Winter doldrums clinically classified as disorder

By Josh Nislick
Published: March 2011

As the color green becomes increasingly evident across Newton lawns, South students joyfully say farewell to a long, cold winter.

After three months of frigid temperatures and sunsets at 4:30 PM, spring comes as a welcome relief and marks the end of the darkest season of the year.

Not only are the days beginning to get warmer, but more importantly they are getting longer.

A lack of sunlight is one reason why many people experience increased feelings of sadness and depression during the winter.

Seasonal Affective Disorder (SAD) is a disease in which humans’ emotions are affected by a change in their environment caused by a new season.

This season is often winter, and the absence of light causes those who have SAD to feel depressed.

First discovered by Norman E. Rosenthal, this disease has a significant impact on humans, and those who have the disorder experience mood swings and negative emotions.

According to Richard Friedman of the New York Times, SAD is most common in New Hampshire, in which it affects nearly 10% of the population.

South’s AP Psychology teacher Sean Turley said that SAD changes students by affecting how their brains function.

“Much of the way our brains work is by chemicals reacting to their environment,” said Turley. He added that for those who suffer from SAD, their minds don’t function as well without light.

There is treatment for people with SAD. Light therapy is an effective way to help those with Seasonal Affective Disorder because it provides them with the light that their brains need but are missing in the winter.

Although most students do not suffer from the actual disorder, the darkness of winter seems to still affect many.

South nurse Gail Kramer agrees that light deficiency is the main issue.

“People leave their houses and it’s dark,” Kramer said, “And when they come home, it’s dark.”

Sophomore Sam Ludin said that winter makes his life more difficult.

“When you get home and it’s already dark, it’s depressing,” said Ludin.

Not only do the early sunsets seem to upset people, but the frigid temperatures are problematic as well.
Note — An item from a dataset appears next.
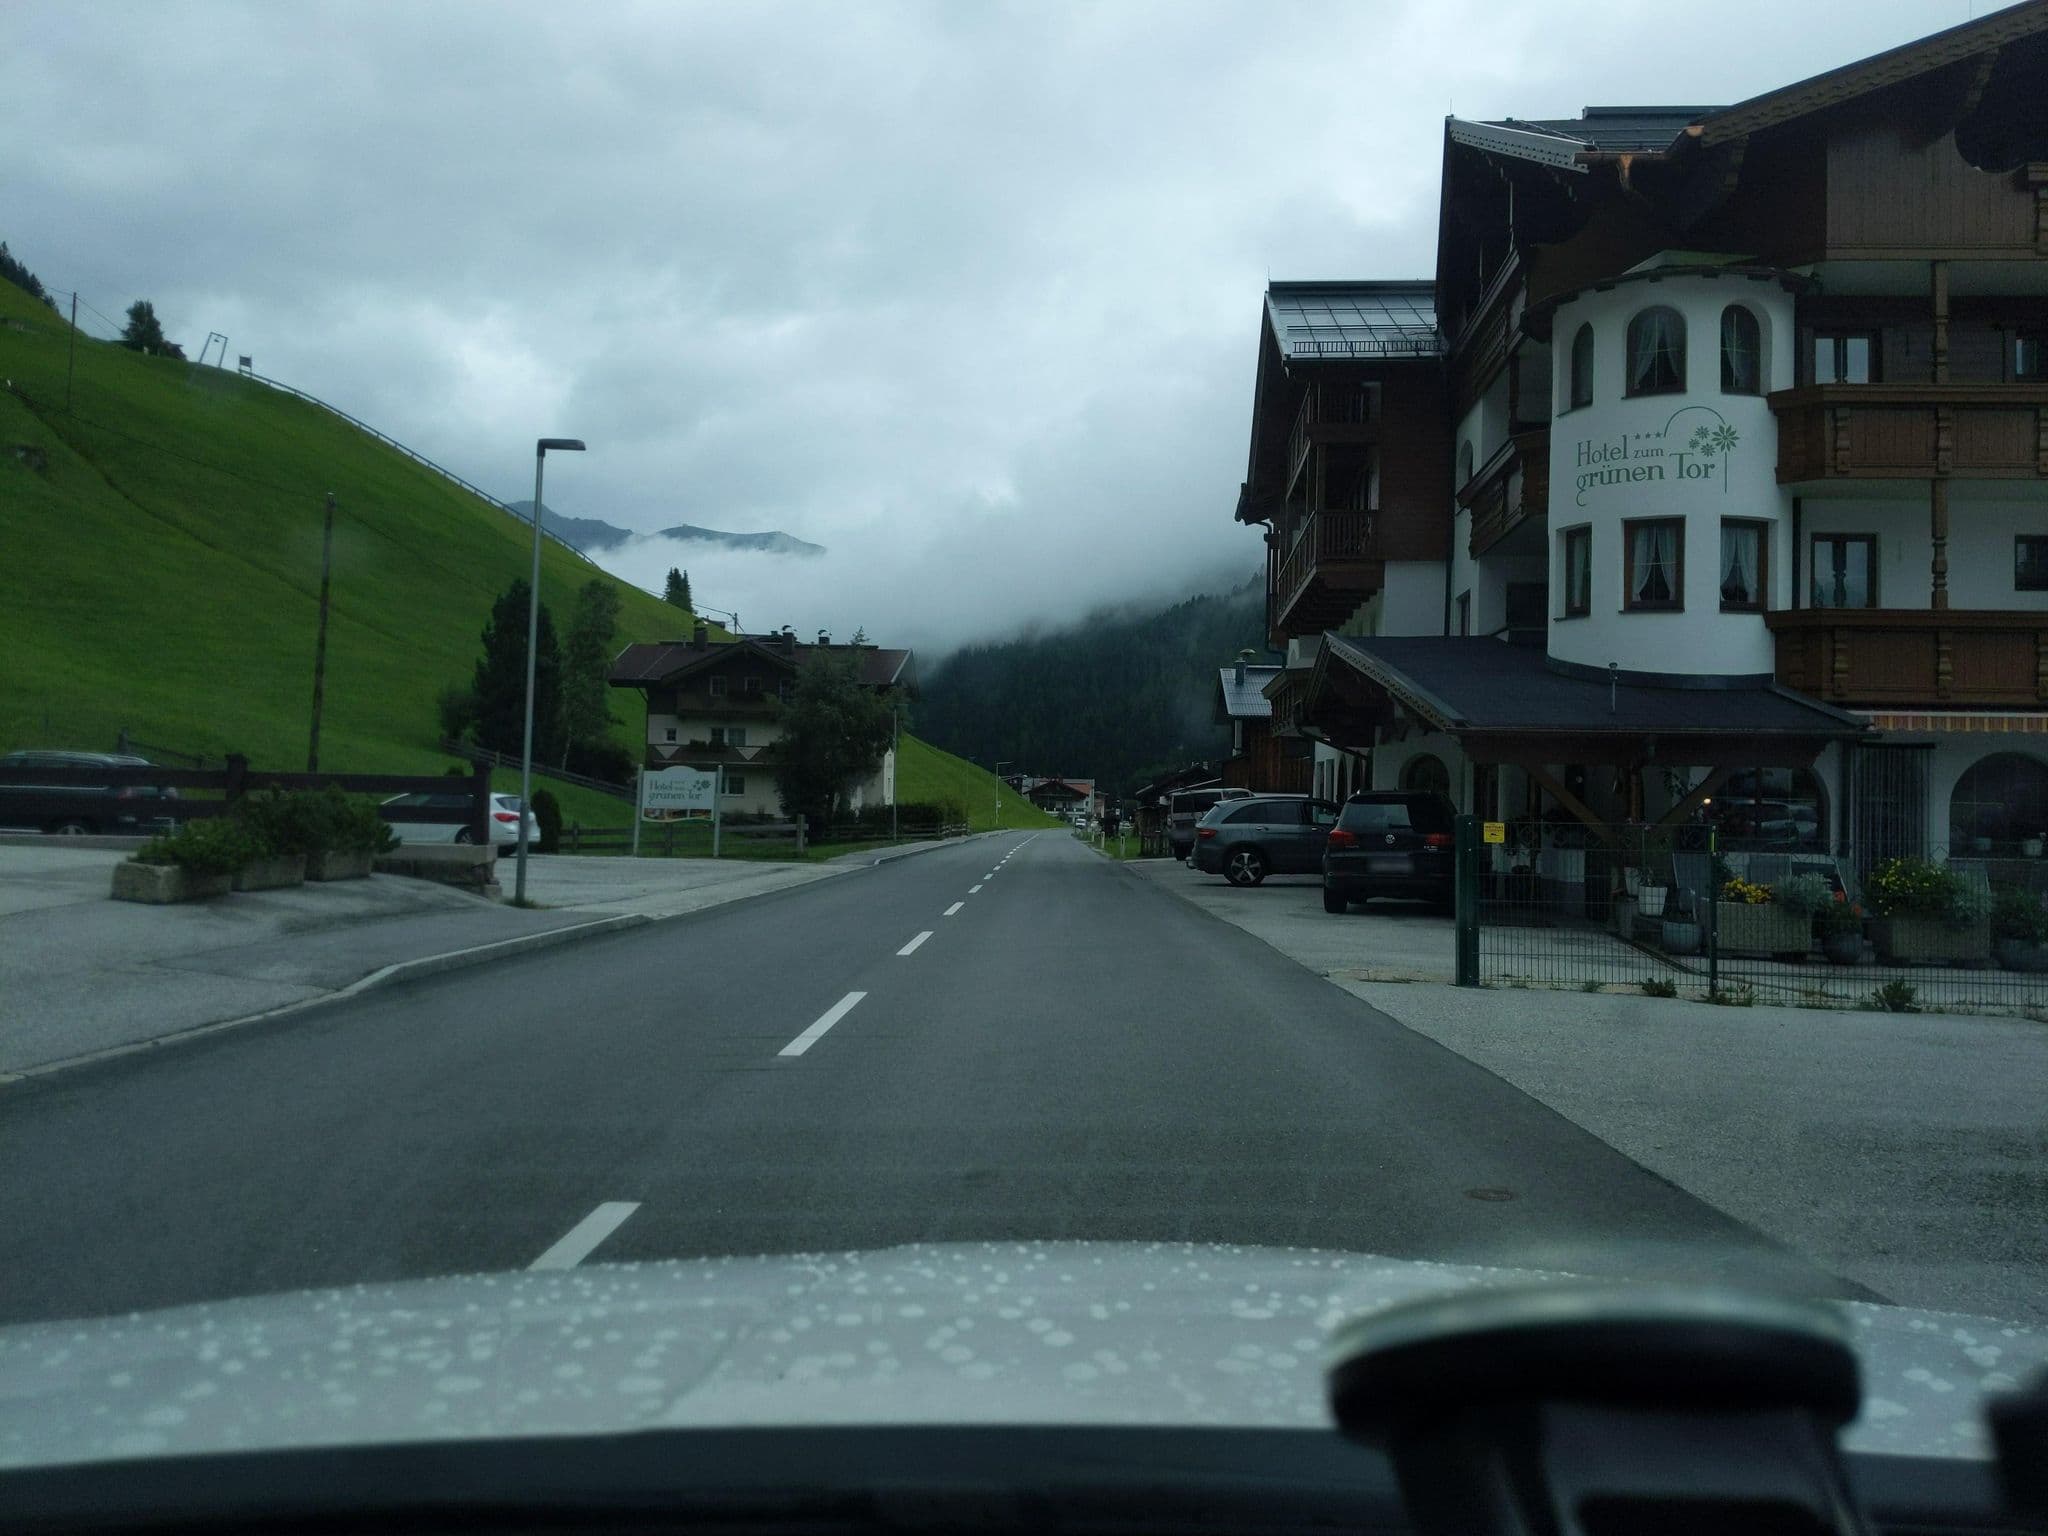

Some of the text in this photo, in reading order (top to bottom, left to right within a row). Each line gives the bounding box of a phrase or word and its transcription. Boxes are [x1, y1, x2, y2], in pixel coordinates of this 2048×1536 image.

Sophomore Adam Friedman said he feels down during the winter, and that what he dislikes most about the season is being indoors.

Snow contributes to the low spirits brought on by winter as well.

Despite the fact that it cancelled school, the winter of 2011 resulted in some of the highest snow accumulations in years.

The City of Newton was especially hurt by this year’s snowfall because of the amount of money it spent on snow removal, and there were issues about where to put all of the snow.

Newton residents also felt the pain of snow removal.

“When you have to shovel you whole driveway, it’s a pain,” Ludin said.

Still, the root of the depression caused by winter seems to lie in the lack of sunlight, but with the arrival of spring, the amount of light has increased.

The days have begun to grow longer, and with students setting their clocks forward for Daylight Savings the sun will be out much later than 4:30 PM.

With spring comes the return of smiles to South, and students feel that spring is a time of joy and happiness.

Turley said that spring can be a time of relief, and Kramer agrees.

“It is, absolutely.  You see everyone smiling, hanging out,” said Kramer.

Although winter will inevitably return, students can enjoy warm weather and sunlight for at least the next six months.